We predict that this will most likely be the case. In this article, we compare the roles of two of these Observability pillars, Distributed Tracing vs. Logging, and see which best suits the needs of an increasingly cloud-native world.
Let's delve further into the topic, beginning with Logging.
Logging Is as Old as Programming Itself
Logs have been used since time immemorial to understand how the software works, track program flow, and root cause issues, if there are any. As software and infrastructure evolved, logs, too, have evolved to capture a variety of datasets.
Today, a log in a backend application can capture anything from request response data, error messages, and codes for error reporting, stack traces, metrics such as response times, custom log messages, and all the way up to business-specific events such as user activities and transactions. Different log platforms may also generate their own specific format of logs.
And therefore, lies a massive problem in a cloud-native distributed world.

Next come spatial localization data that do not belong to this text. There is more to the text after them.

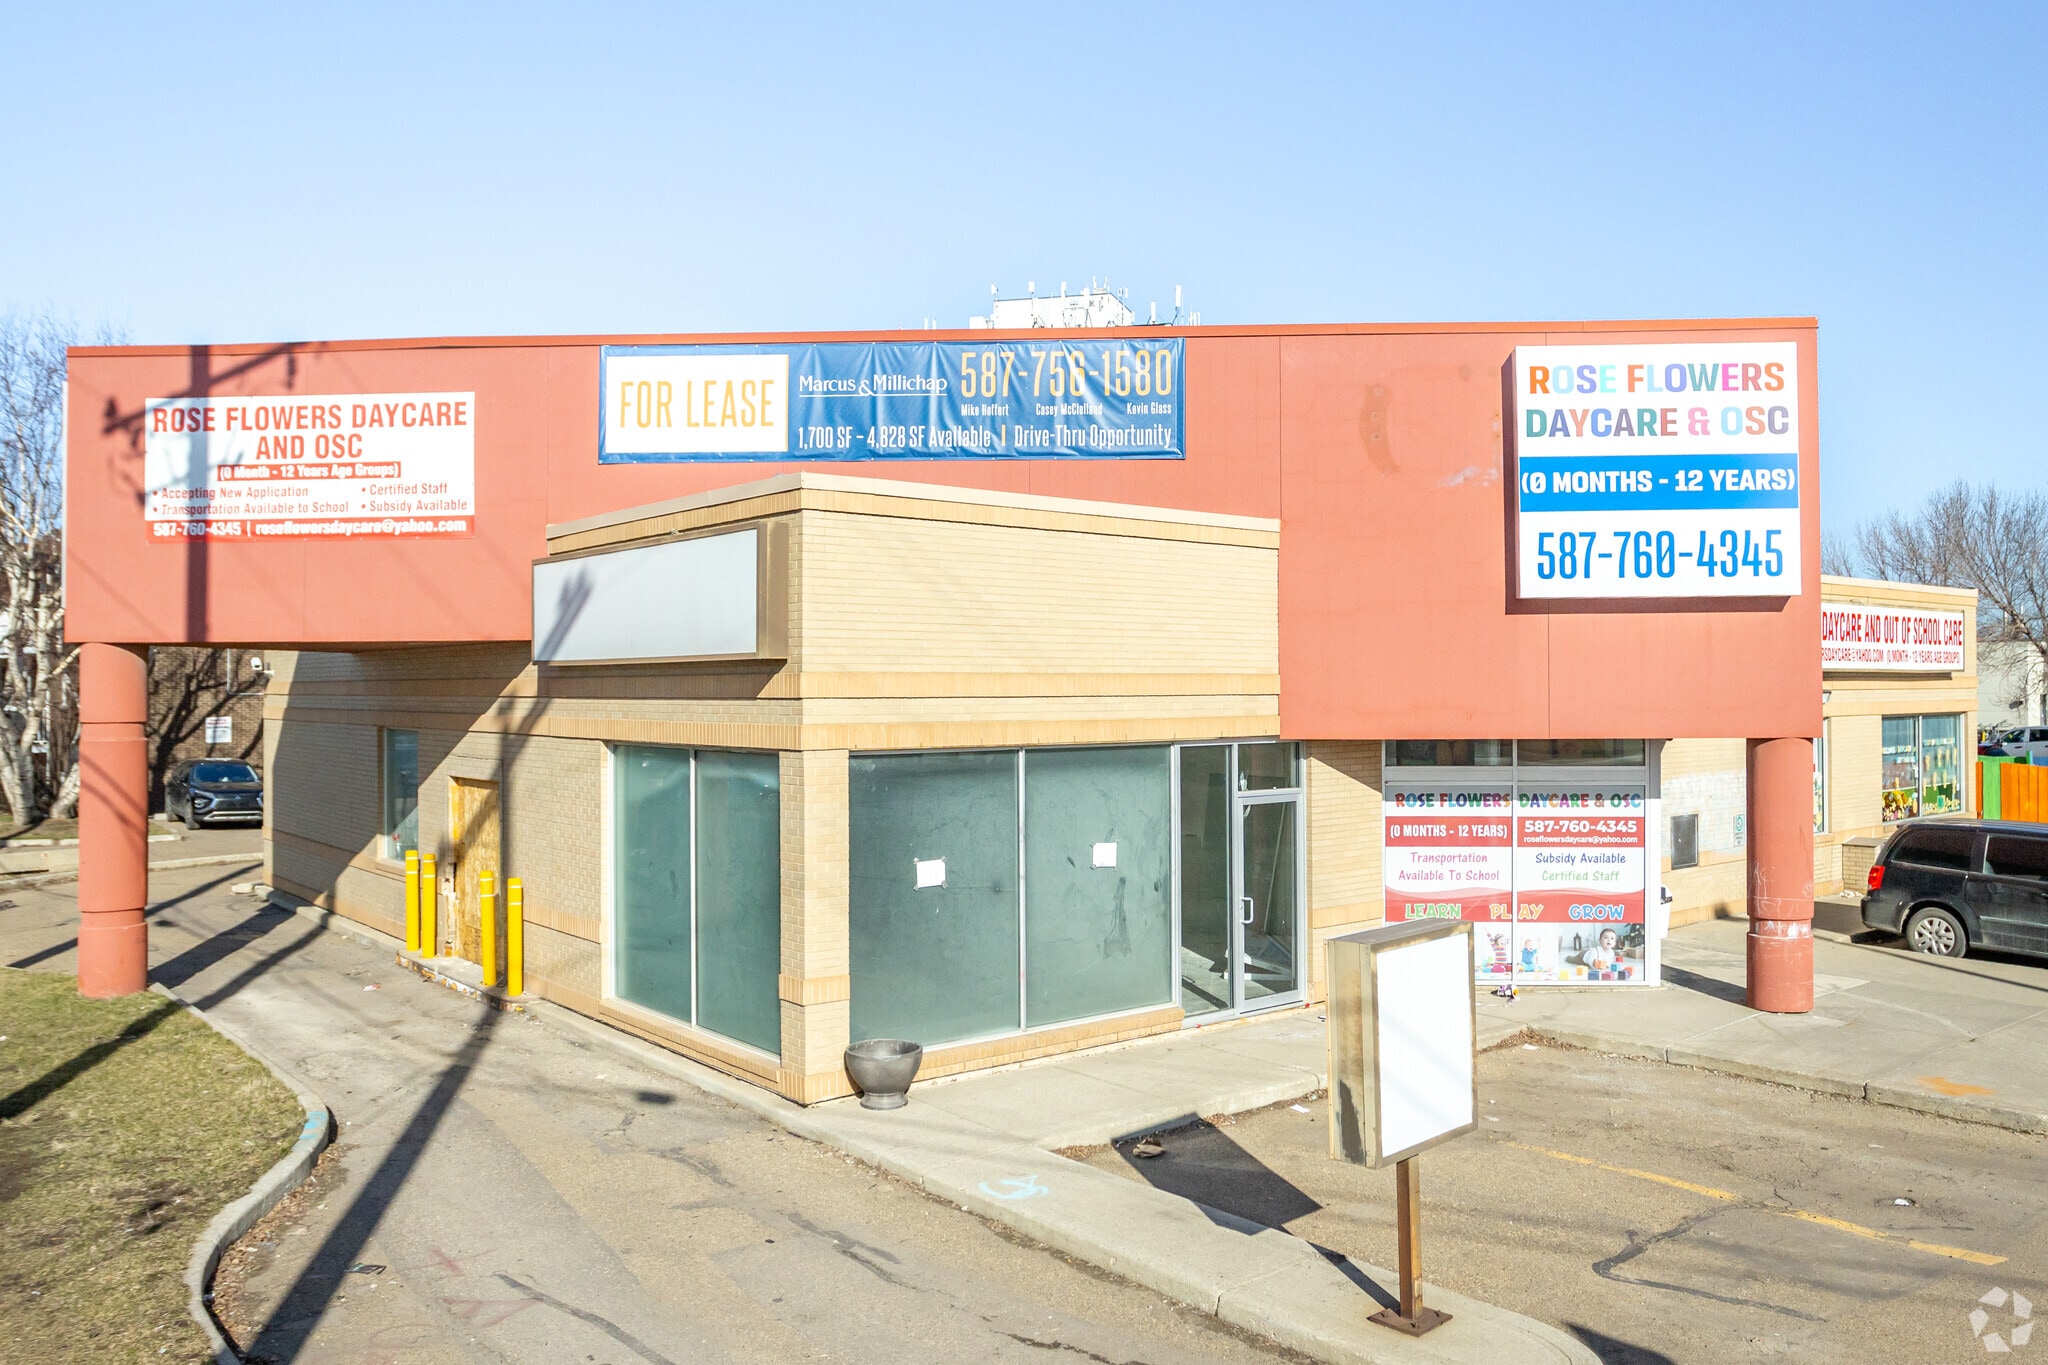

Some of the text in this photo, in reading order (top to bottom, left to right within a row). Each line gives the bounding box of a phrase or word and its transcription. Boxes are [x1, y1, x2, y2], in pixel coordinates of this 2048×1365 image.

[961, 349, 1172, 398] 587-756-1580
[1529, 362, 1785, 394] ROSE FLOWERS
[800, 374, 948, 396] Marcus & Millichap
[620, 380, 774, 428] FOR LEASE
[961, 404, 980, 416] Mike
[1036, 403, 1058, 417] Casey
[1127, 402, 1172, 415] Kevin Glass
[152, 401, 467, 432] ROSE FLOWERS DAYCARE
[1526, 405, 1789, 438] DAYCARE & OSC
[799, 426, 833, 450] 1,700
[837, 426, 853, 448] SF
[867, 425, 906, 448] 4,828
[910, 425, 925, 448] SF
[929, 425, 991, 448] Available
[1014, 424, 1087, 447] Drive-Thru
[1090, 423, 1172, 449] Opportunity
[256, 433, 363, 460] AND OSC
[234, 465, 269, 479] Month
[281, 465, 295, 478] 12
[297, 464, 329, 478] Years
[331, 464, 352, 479] Age
[355, 463, 399, 478] Groups)
[1553, 470, 1652, 493] MONTHS
[1675, 469, 1703, 492] 12
[1709, 468, 1795, 492] YEARS)
[162, 486, 309, 500] Accepting New Application
[370, 482, 448, 496] Certified Staff
[162, 501, 349, 517] Transportation Available to School
[370, 499, 467, 513] Subsidy Available
[153, 521, 241, 537] 587-760-4345
[255, 518, 467, 537] roseflowersdaycare@yahoo.com
[1537, 529, 1783, 580] 587-760-4345
[1822, 611, 1962, 646] DAYCARE AND OUT OF SCHOOL CARE
[1395, 792, 1641, 808] ROSE FLOWERS DAYCARE & OSC
[1403, 824, 1447, 837] MONTHS
[1458, 824, 1469, 837] 12
[1471, 824, 1508, 839] YEARS)
[1524, 819, 1637, 834] 587-760-4345
[1524, 835, 1638, 845] roseflowersdaycare@yahoo.com
[1410, 852, 1488, 865] Transportation
[1535, 853, 1626, 866] Subsidy Available
[1399, 870, 1500, 882] Available To School
[1542, 870, 1620, 881] Certified Staff
[1405, 903, 1462, 920] LEARN
[1490, 903, 1544, 920] PLAY
[1568, 904, 1625, 920] GROW

Much of Logging Today Is Completely Unstructured
The fact that most logs are unstructured has both upsides and downsides. For one, it allows for flexibility and freedom to log any information that a developer feels is necessary. They are quick to implement (easy implementation code), efficient from a processing standpoint (processing or serialization is required to conform to a specific format), and generally easy to work with, given so many drop-in tools and frameworks.

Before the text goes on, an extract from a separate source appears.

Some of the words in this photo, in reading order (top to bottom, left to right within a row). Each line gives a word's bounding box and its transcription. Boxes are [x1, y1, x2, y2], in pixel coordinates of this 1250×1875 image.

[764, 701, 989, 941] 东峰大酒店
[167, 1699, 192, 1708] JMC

In this example, the log file has captured an error scenario:
[2023-05-20 14:30:27] ERROR - Exception occurred while processing request: java.lang.NullPointerException: null pointer in method doSomething() at com.example.MyService.processRequest(MyService.java:123)
- Timestamp: [2023-05-20 14:30:27] indicates the date and time when the error occurred.

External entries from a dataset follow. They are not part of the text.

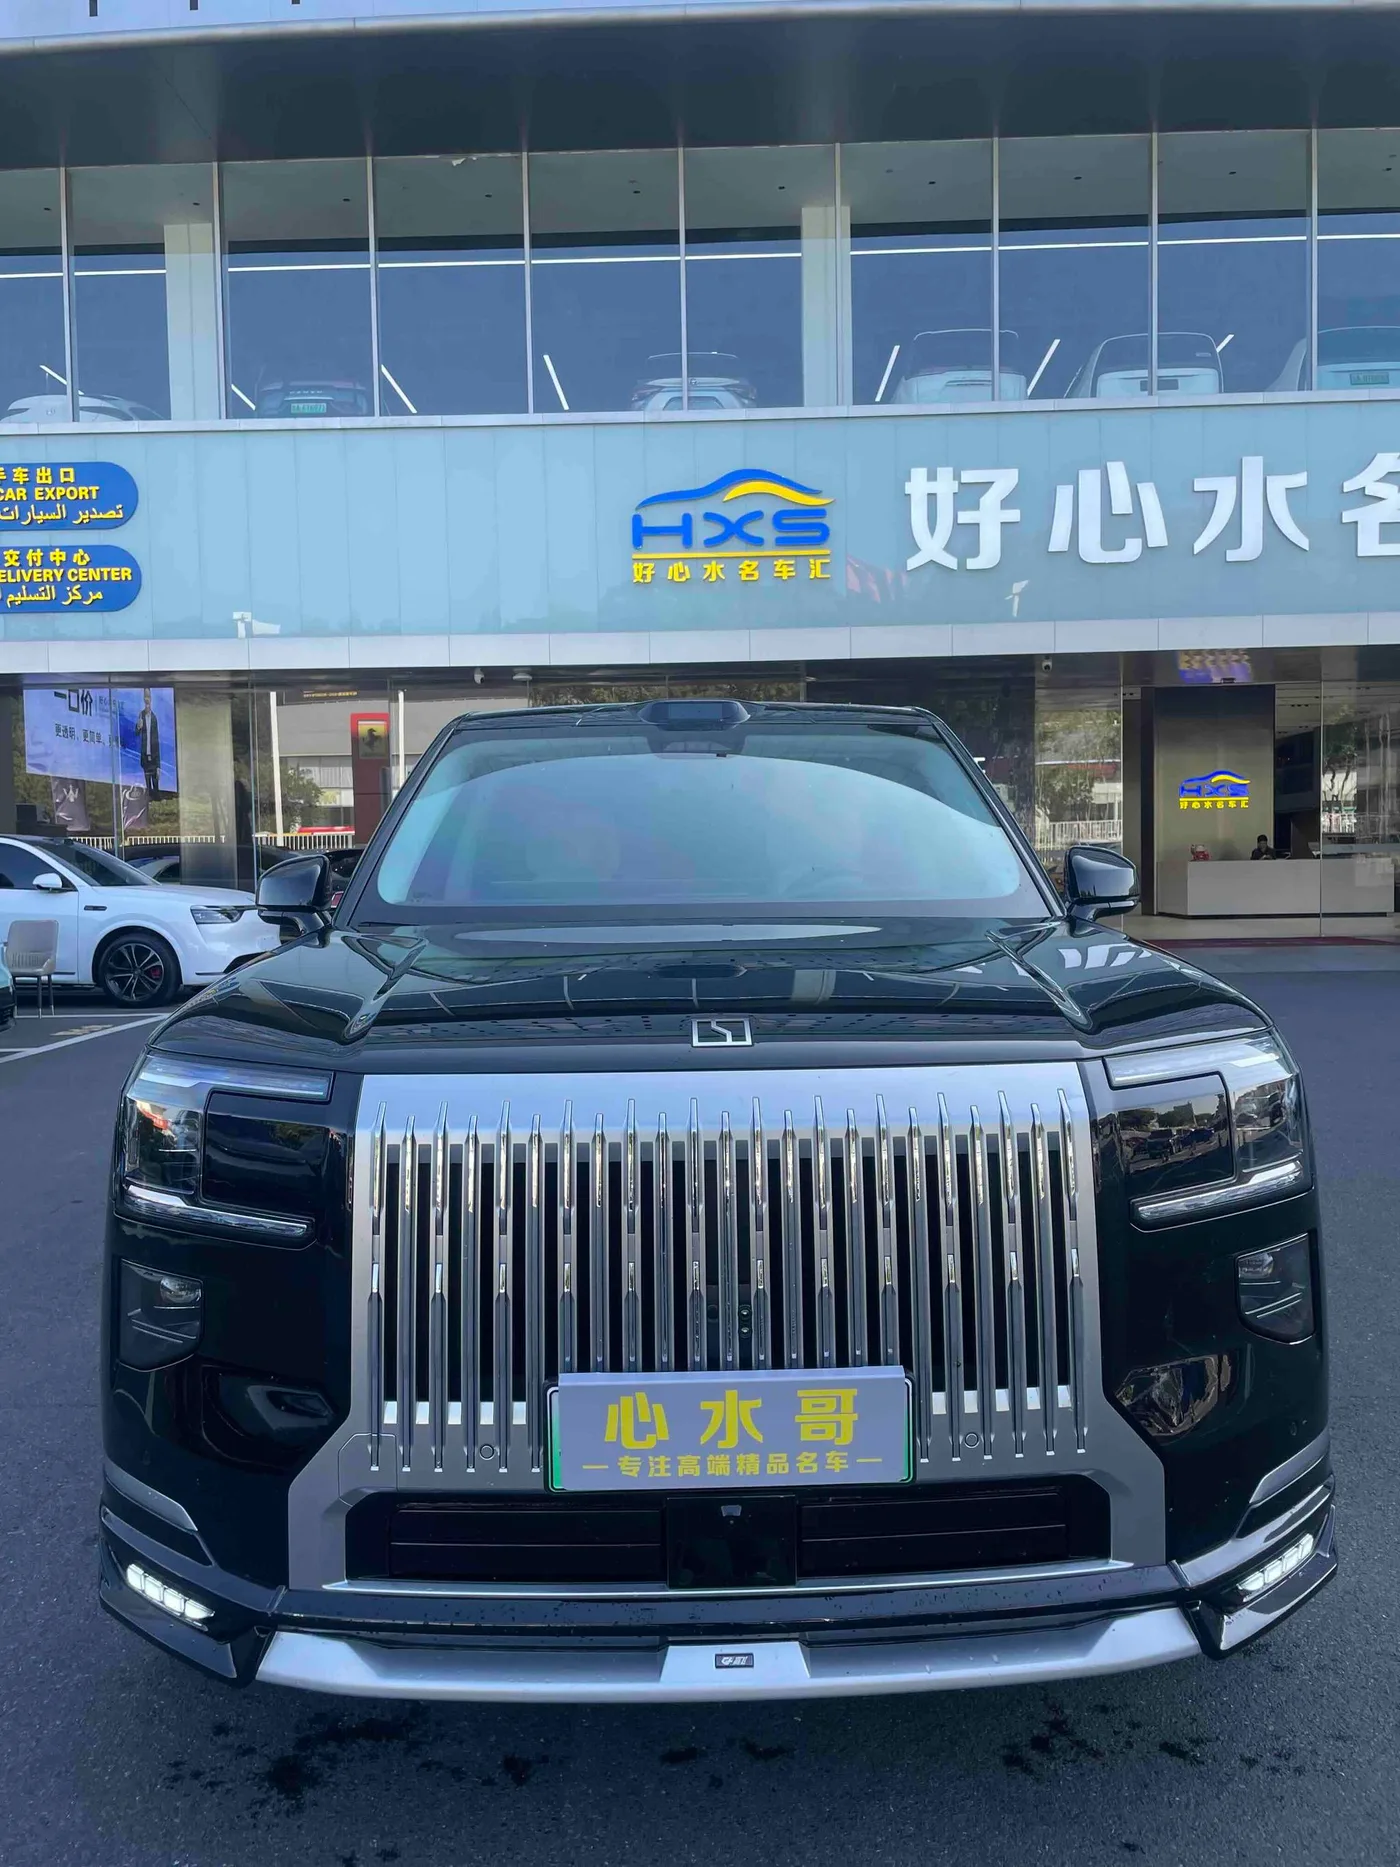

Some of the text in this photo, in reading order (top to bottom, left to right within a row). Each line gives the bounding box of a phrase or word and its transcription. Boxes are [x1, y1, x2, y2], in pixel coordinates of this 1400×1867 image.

[34, 486, 99, 500] EXPORT
[72, 504, 124, 524] تصدير
[632, 508, 830, 549] HXS
[4, 548, 91, 567] 交付中心
[67, 567, 132, 582] CENTER
[632, 559, 831, 583] 好心水名车汇
[6, 584, 103, 608] مركز التسليم
[54, 689, 93, 717] 一口价
[1180, 784, 1248, 797] HXS
[604, 1388, 858, 1450] 心水哥
[617, 1450, 850, 1478] 专注高端精品名车

- Log level: ERROR signifies that it's an error log entry.
- Message: Exception occurred while processing request: briefly describes the error.
- Exception Details: java.lang.NullPointerException: null pointer in the method doSomething() indicates the specific exception that was thrown; a NullPointerException occurred in the doSomething() method.
- Stack trace: at com.example.MyService.processRequest(MyService.java:123) shows the location in the code where the exception occurred.
However, there are many downsides to unstructured Logging. They have limited readability at large volumes. Poor searchability makes troubleshooting and debugging microservices time-consuming.
These problems compound as applications become more complex.
Structured Logs to the Rescue
The logical mitigation to this is where a log adheres to a predefined format or schema, aka structured data. This increases readability and searchability and makes the log suitable for automated analysis.
For instance, companies tend to standardize and create JSON formats with clearly defined keys and values so you can extract and analyze relevant information more easily.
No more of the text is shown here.